Маркус Сэйки - Огненные письмена
– Натали…
– Я знаю, я сама все запутала. Я потянулась к тебе. И не жалею об этом. И не жалею, – она почти улыбнулась, – что снова занималась с тобой любовью. Извини меня, Ник. Я ошибалась. Я не могу жить с тобой. Так – не могу. Не в силах.
Он посмотрел на нее. На лицо, которое целовал миллион раз и на котором знал каждую родинку, каждую морщинку. Женщина, которая стала его первой любовью. Женщина, которая до сих пор умела удивлять его, несмотря на его дар и их совместный опыт.
– Скажи что-нибудь, – тихо произнесла она.
– Я просто подумал, какая ты удивительная, – сказал он.
– Ах это, – пожала Натали плечами и улыбнулась. – Это правда.
Она потянулась своей рукой к его.
И они вместе принялись смотреть, как играют их дети.
Глава 48
– Минуточку! – прозвучал ее голос из-за стены. – Что за идиотские, вонючие, сучьи…
Дверь распахнулась.
Устройство вокруг правого бедра Шеннон представляло собой прозрачный пластиковый цилиндр, наполненный зеленым гелем.
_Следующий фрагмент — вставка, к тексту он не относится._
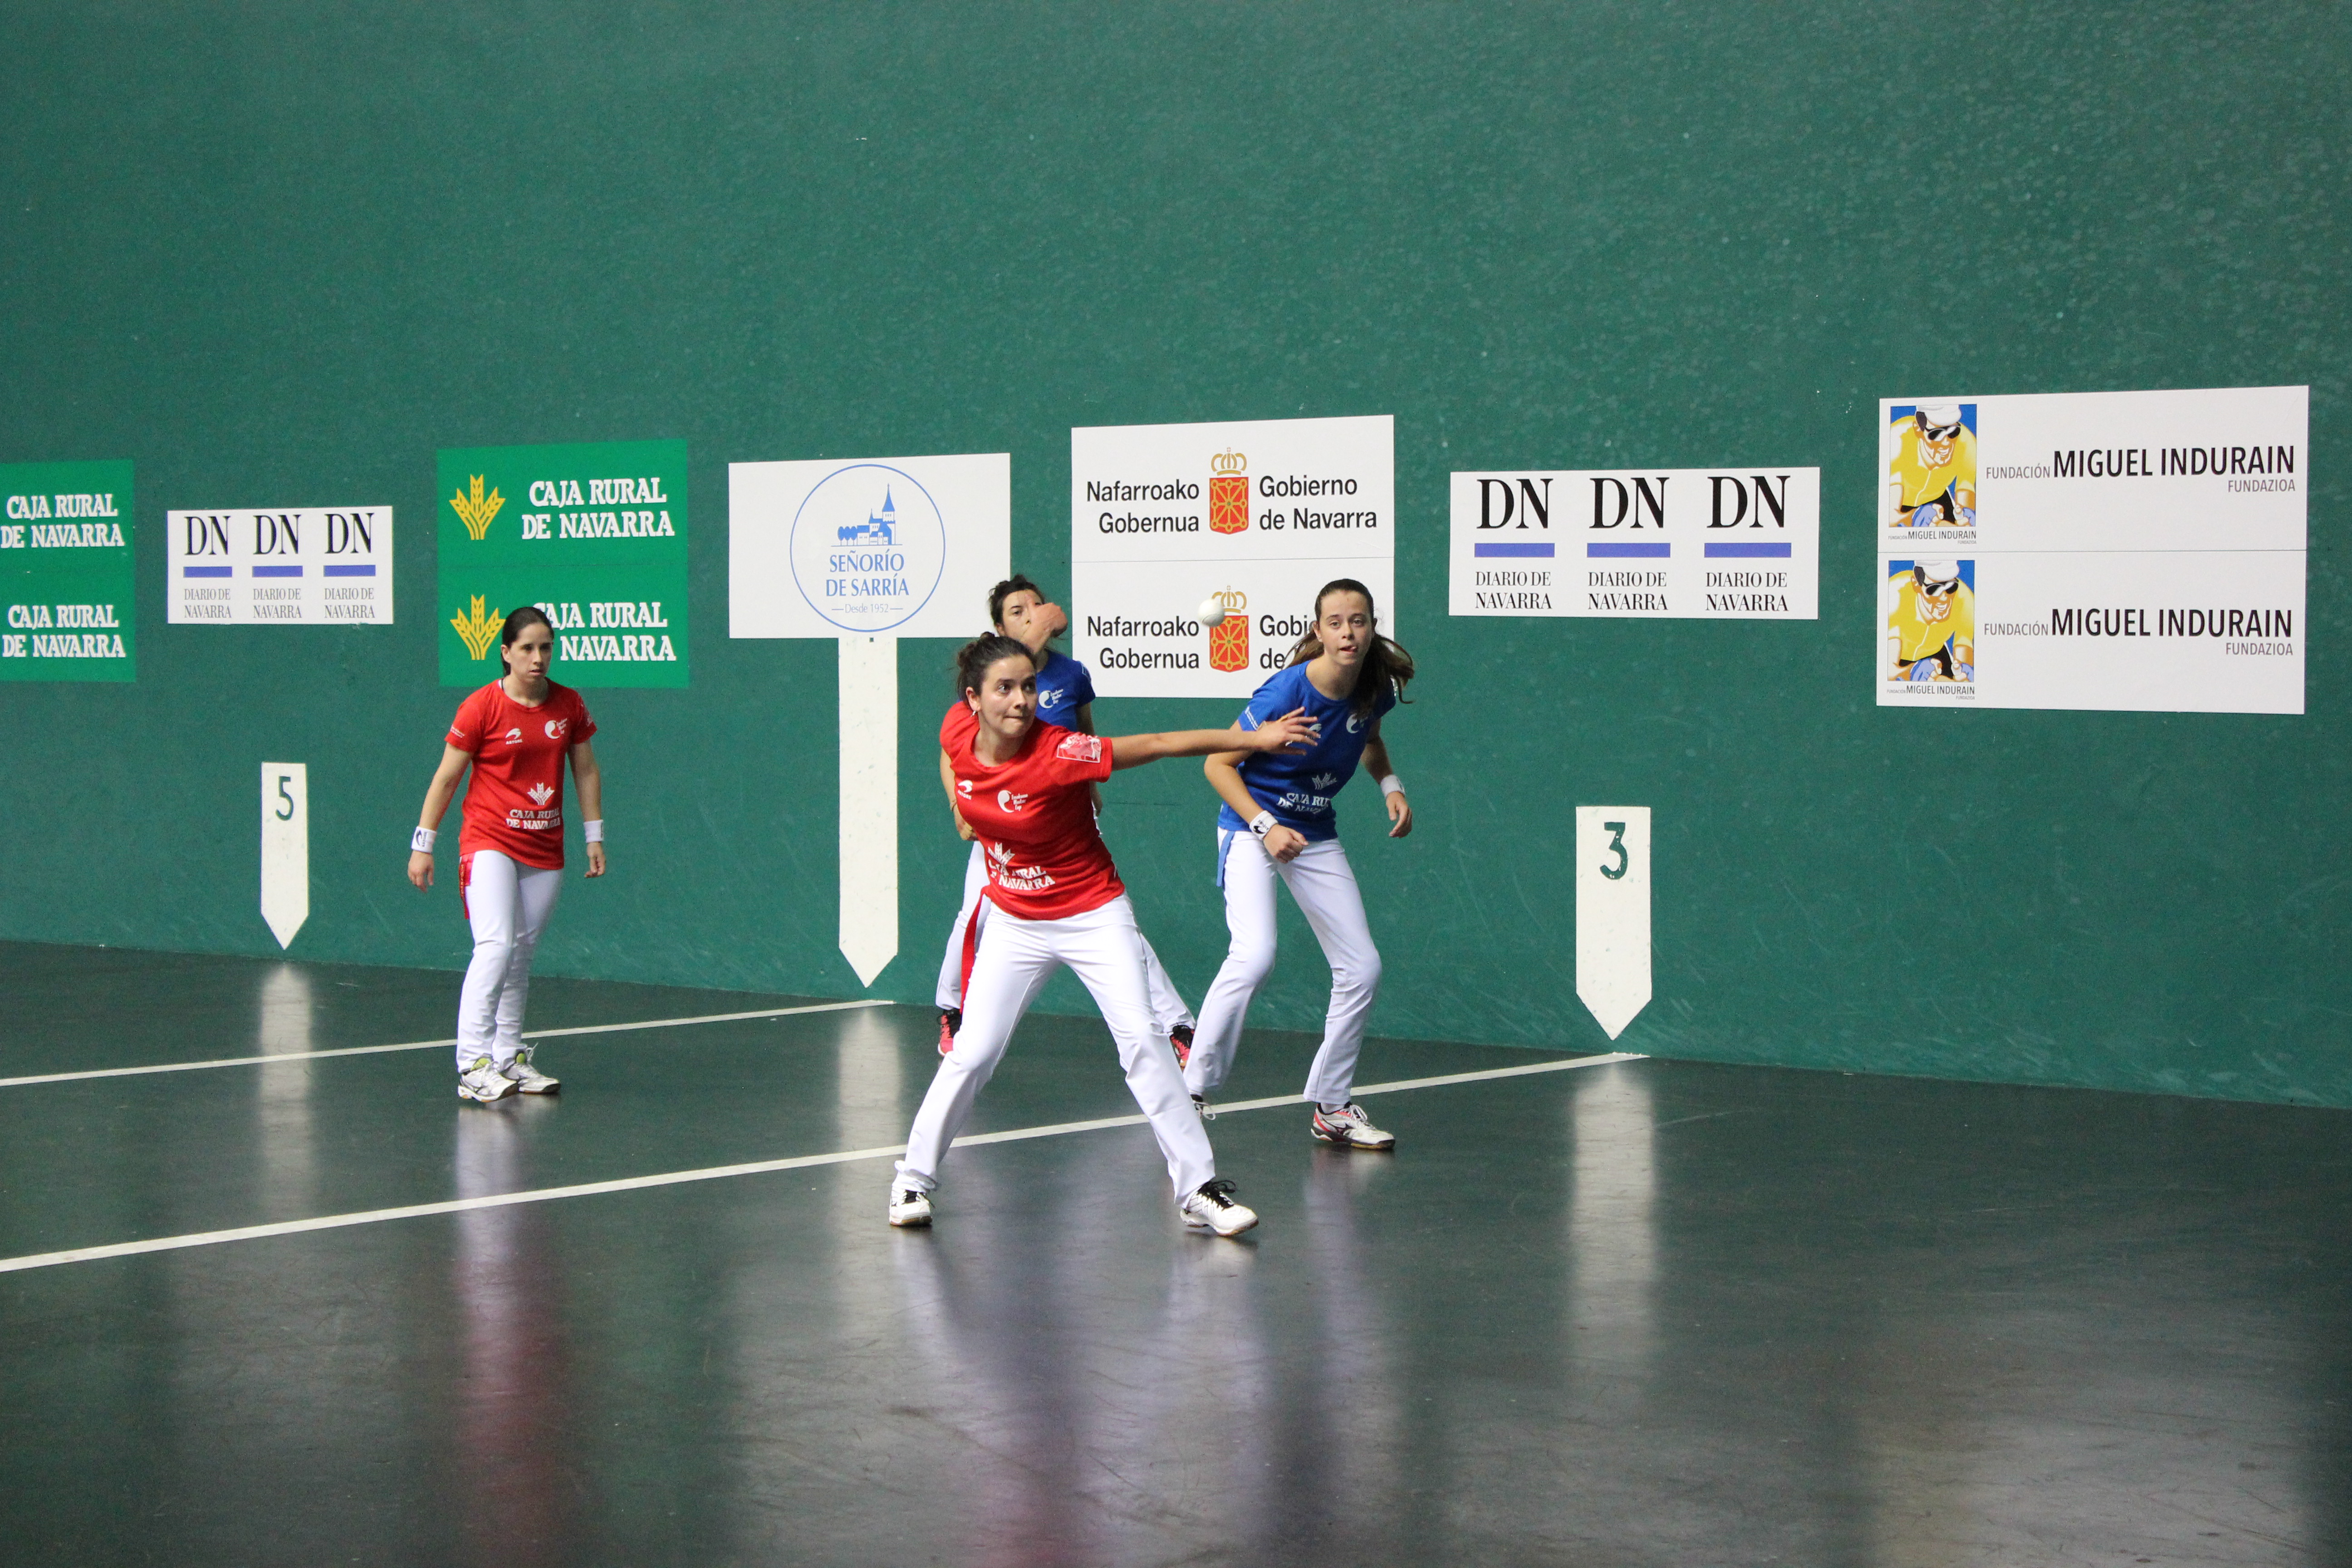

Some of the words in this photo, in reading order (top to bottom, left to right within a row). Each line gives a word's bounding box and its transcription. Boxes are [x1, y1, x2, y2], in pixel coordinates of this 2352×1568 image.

[1986, 463, 2050, 479] FUNDACIÓN
[2053, 448, 2153, 478] MIGUEL
[2161, 445, 2294, 476] INDURAIN
[529, 480, 584, 508] CAJA
[589, 477, 667, 505] RURAL
[1087, 479, 1199, 502] Nafarroako
[1259, 475, 1357, 497] Gobierno
[2228, 479, 2296, 493] FUNDAZIOA
[5, 495, 52, 520] CAJA
[54, 493, 118, 518] RURAL
[1476, 478, 1553, 529] DN
[1589, 477, 1670, 529] DN
[1706, 475, 1791, 528] DN
[522, 514, 551, 539] DE
[559, 510, 675, 539] NAVARRA
[1099, 512, 1199, 534] Gobernua
[1259, 509, 1285, 530] de
[1294, 507, 1377, 530] Navarra
[0, 525, 24, 548] DE
[31, 523, 125, 548] NAVARRA
[184, 515, 231, 555] DN
[253, 514, 301, 555] DN
[324, 513, 374, 554] DN
[1908, 530, 1937, 540] MIGUEL
[1939, 530, 1976, 539] INDURAIN
[830, 549, 904, 572] SEÑORÍO
[826, 579, 847, 597] DE
[851, 573, 909, 596] SARRÍA
[1475, 571, 1528, 586] DIARIO
[1531, 571, 1551, 586] DE
[1588, 572, 1642, 587] DIARIO
[1646, 572, 1667, 587] DE
[1706, 572, 1762, 588] DIARIO
[1765, 572, 1788, 588] DE
[184, 588, 216, 600] DIARIO
[218, 588, 231, 600] DE
[253, 588, 286, 600] DIARIO
[288, 588, 301, 600] DE
[324, 588, 358, 600] DIARIO
[361, 588, 374, 600] DE
[1475, 592, 1553, 609] NAVARRA
[1588, 593, 1669, 611] NAVARRA
[1705, 594, 1789, 612] NAVARRA
[8, 605, 53, 630] CAJA
[56, 604, 119, 628] RURAL
[184, 605, 232, 618] NAVARRA
[253, 605, 302, 618] NAVARRA
[324, 605, 375, 618] NAVARRA
[589, 602, 668, 628] RURAL
[845, 603, 867, 613] Desde
[870, 603, 889, 612] 1952
[1088, 615, 1199, 637] Nafarroako
[1984, 620, 2048, 636] FUNDACIÓN
[2051, 608, 2151, 637] MIGUEL
[2158, 608, 2293, 638] INDURAIN
[2, 634, 27, 657] DE
[32, 634, 126, 658] NAVARRA
[560, 635, 677, 661] NAVARRA
[2225, 642, 2293, 656] FUNDAZIOA
[1100, 647, 1199, 669] Gobernua
[1259, 647, 1285, 669] de
[1906, 685, 1936, 695] MIGUEL
[1937, 685, 1975, 695] INDURAIN
[275, 775, 294, 821] 5
[505, 818, 520, 828] DE
[509, 809, 535, 819] CAJA
[1600, 822, 1628, 880] 3
[999, 874, 1056, 891] NAVARRA
Оно удерживалось на ее ноге от колена почти до паха с помощью напоминающих сороконожку ремешков, которые подергивались и затягивались, когда она двигалась. Наверняка лучшее из того, что могла предложить НЗО (Купер ничего подобного в жизни не видел). Но внешне это напоминало нечто среднее между паропанковским ювелирным изделием и средневековым пыточным орудием.
– Что? – спросила Шеннон, увидев выражение его лица. Купер постарался не рассмеяться. Изо всех сил. Но чем больше он старался, тем хуже у него получалось. То, что началось, как сдавленный смешок, быстро обрело свойства снежного кома. Тут все сыграло роль: и ее раздраженная гримаска («Ты надо мной издеваешься?»), и сама мысль о том, что Девушка, Которая Проходит Сквозь Стены, пользуется костылями, а ее гибкая грация свелась к шатким подпрыгиваниям.
– Ну, давай-давай, смейся, придурок.
Он сделал над собой еще одно усилие, но все равно не смог остановиться.
– Веселись, – притворно обиделась она, – а я пока воздержусь.
– Извини.
Когда ему удалось взять себя в руки, он повторил:
– Извини. Выглядишь ты просто здорово.
– Ха-ха.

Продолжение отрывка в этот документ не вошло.